Records contained in a dataset:
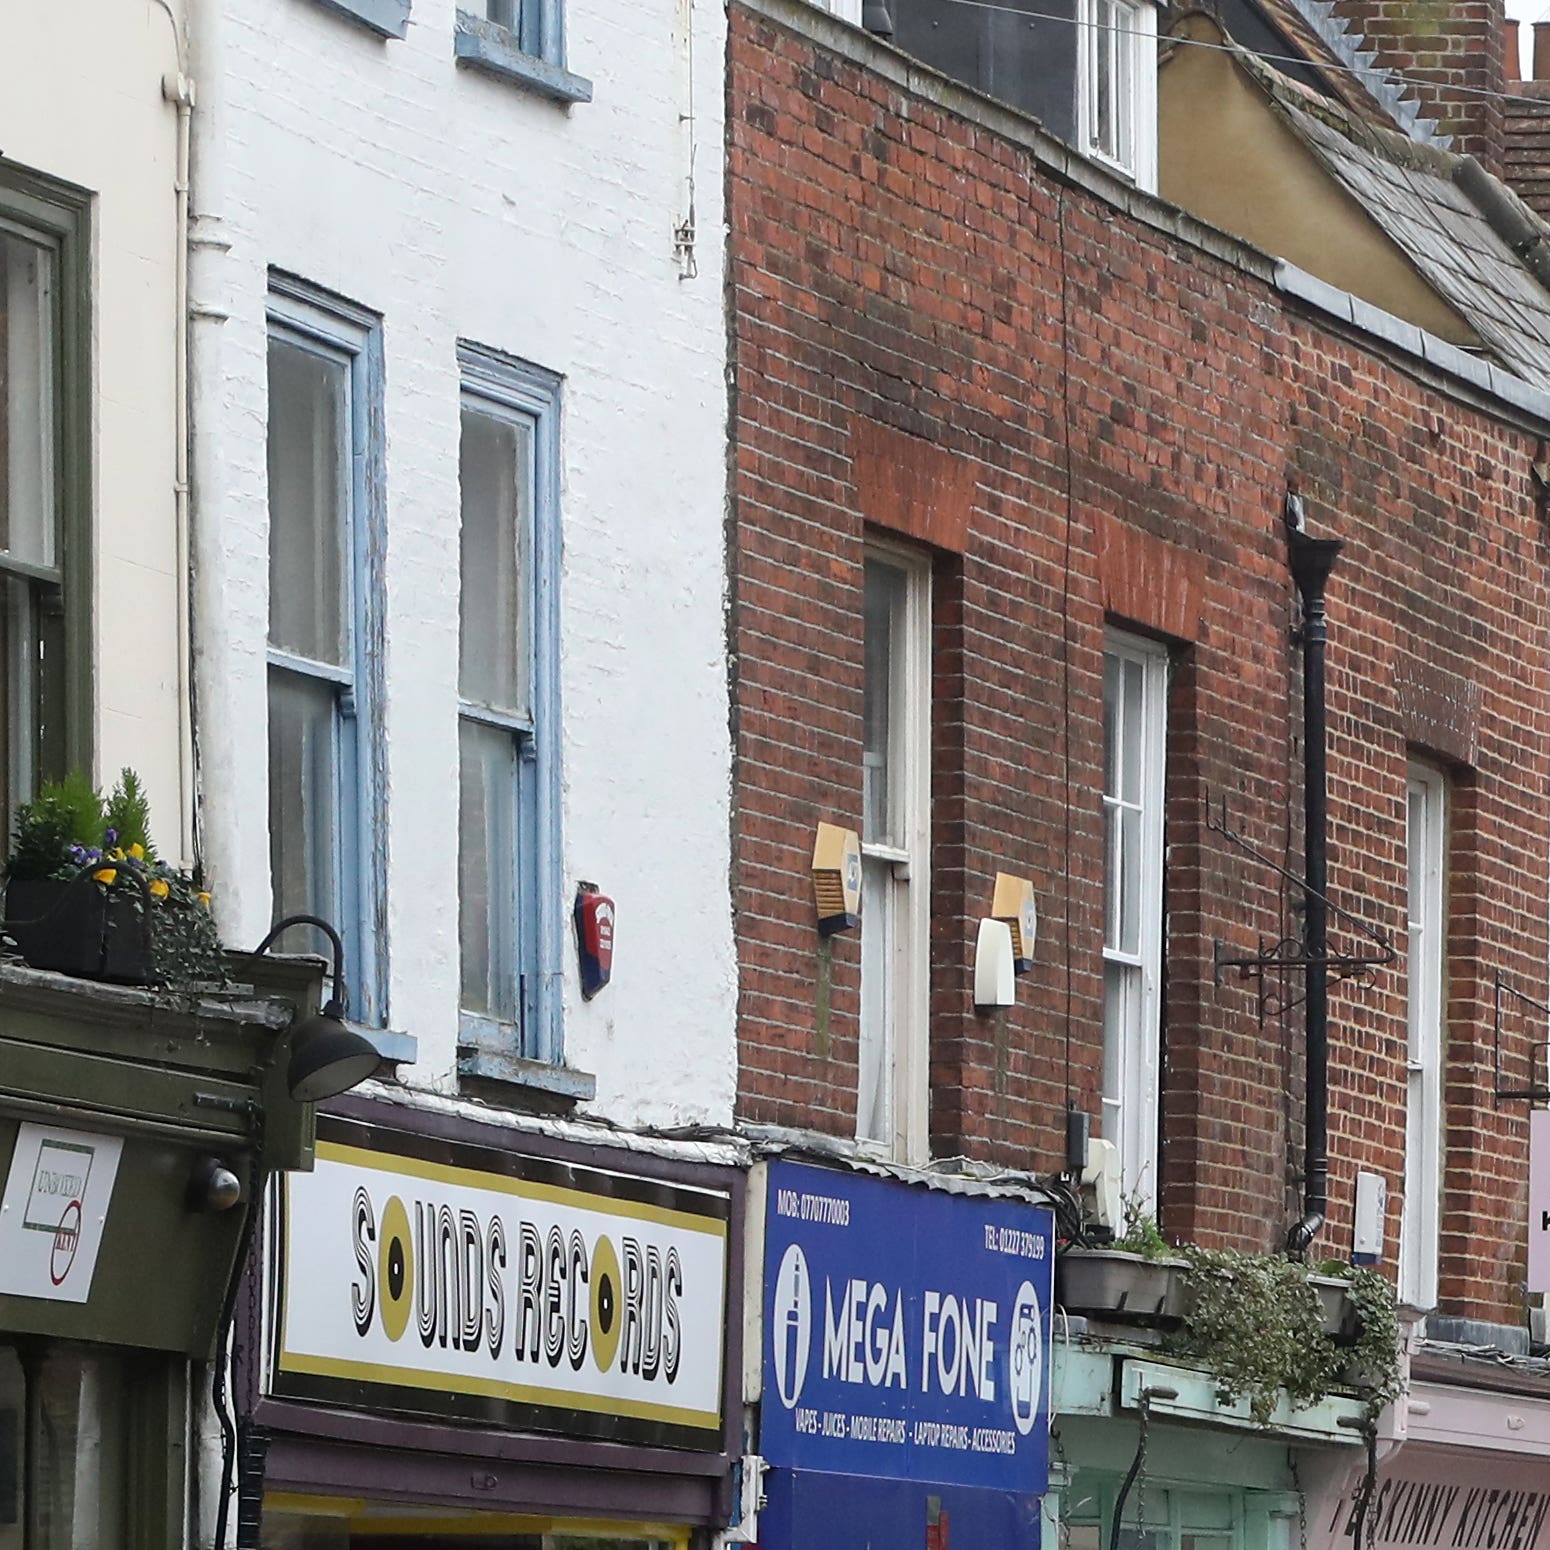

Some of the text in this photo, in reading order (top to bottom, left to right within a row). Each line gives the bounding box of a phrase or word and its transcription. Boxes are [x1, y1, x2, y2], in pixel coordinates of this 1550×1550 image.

[515, 1221, 682, 1386] RECORDS
[822, 1274, 998, 1402] MEGA FONE
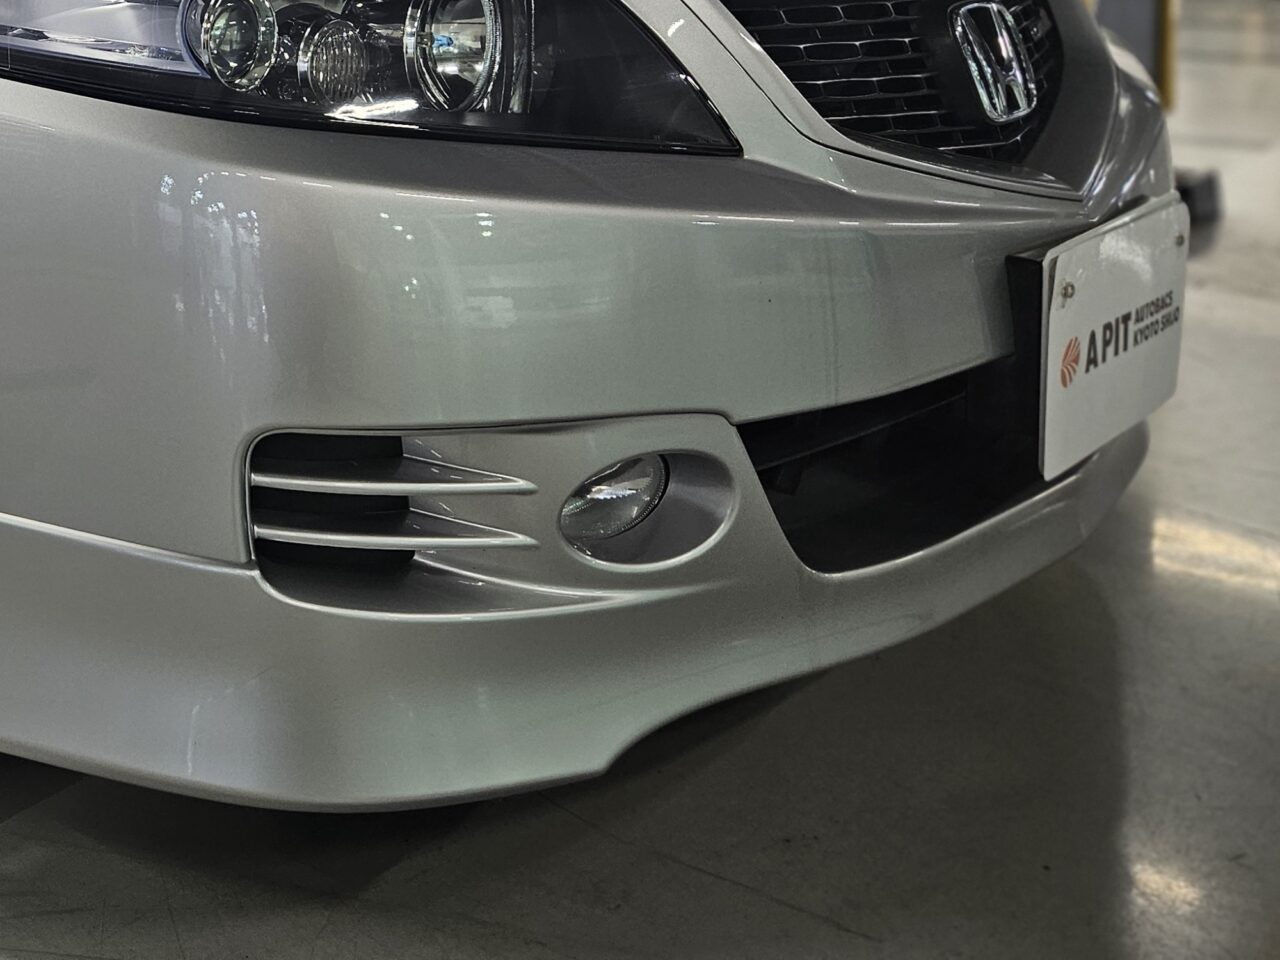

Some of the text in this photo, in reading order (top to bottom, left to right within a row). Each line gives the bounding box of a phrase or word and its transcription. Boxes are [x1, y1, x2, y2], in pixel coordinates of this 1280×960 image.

[1134, 290, 1173, 324] AUTOBACS
[1085, 311, 1131, 374] APIT
[1133, 318, 1160, 347] KYOTO

[THE TASK]: Output the records above in their entirety and exactly, leaving out all images.

[ANSWER SECTION]:
Some of the text in this photo, in reading order (top to bottom, left to right within a row). Each line gives the bounding box of a phrase or word and its transcription. Boxes are [x1, y1, x2, y2], in pixel coordinates of this 1550×1550 image.

[515, 1221, 682, 1386] RECORDS
[822, 1274, 998, 1402] MEGA FONE

Some of the text in this photo, in reading order (top to bottom, left to right within a row). Each line gives the bounding box of a phrase or word and its transcription. Boxes are [x1, y1, x2, y2], in pixel coordinates of this 1280×960 image.

[1134, 290, 1173, 324] AUTOBACS
[1085, 311, 1131, 374] APIT
[1133, 318, 1160, 347] KYOTO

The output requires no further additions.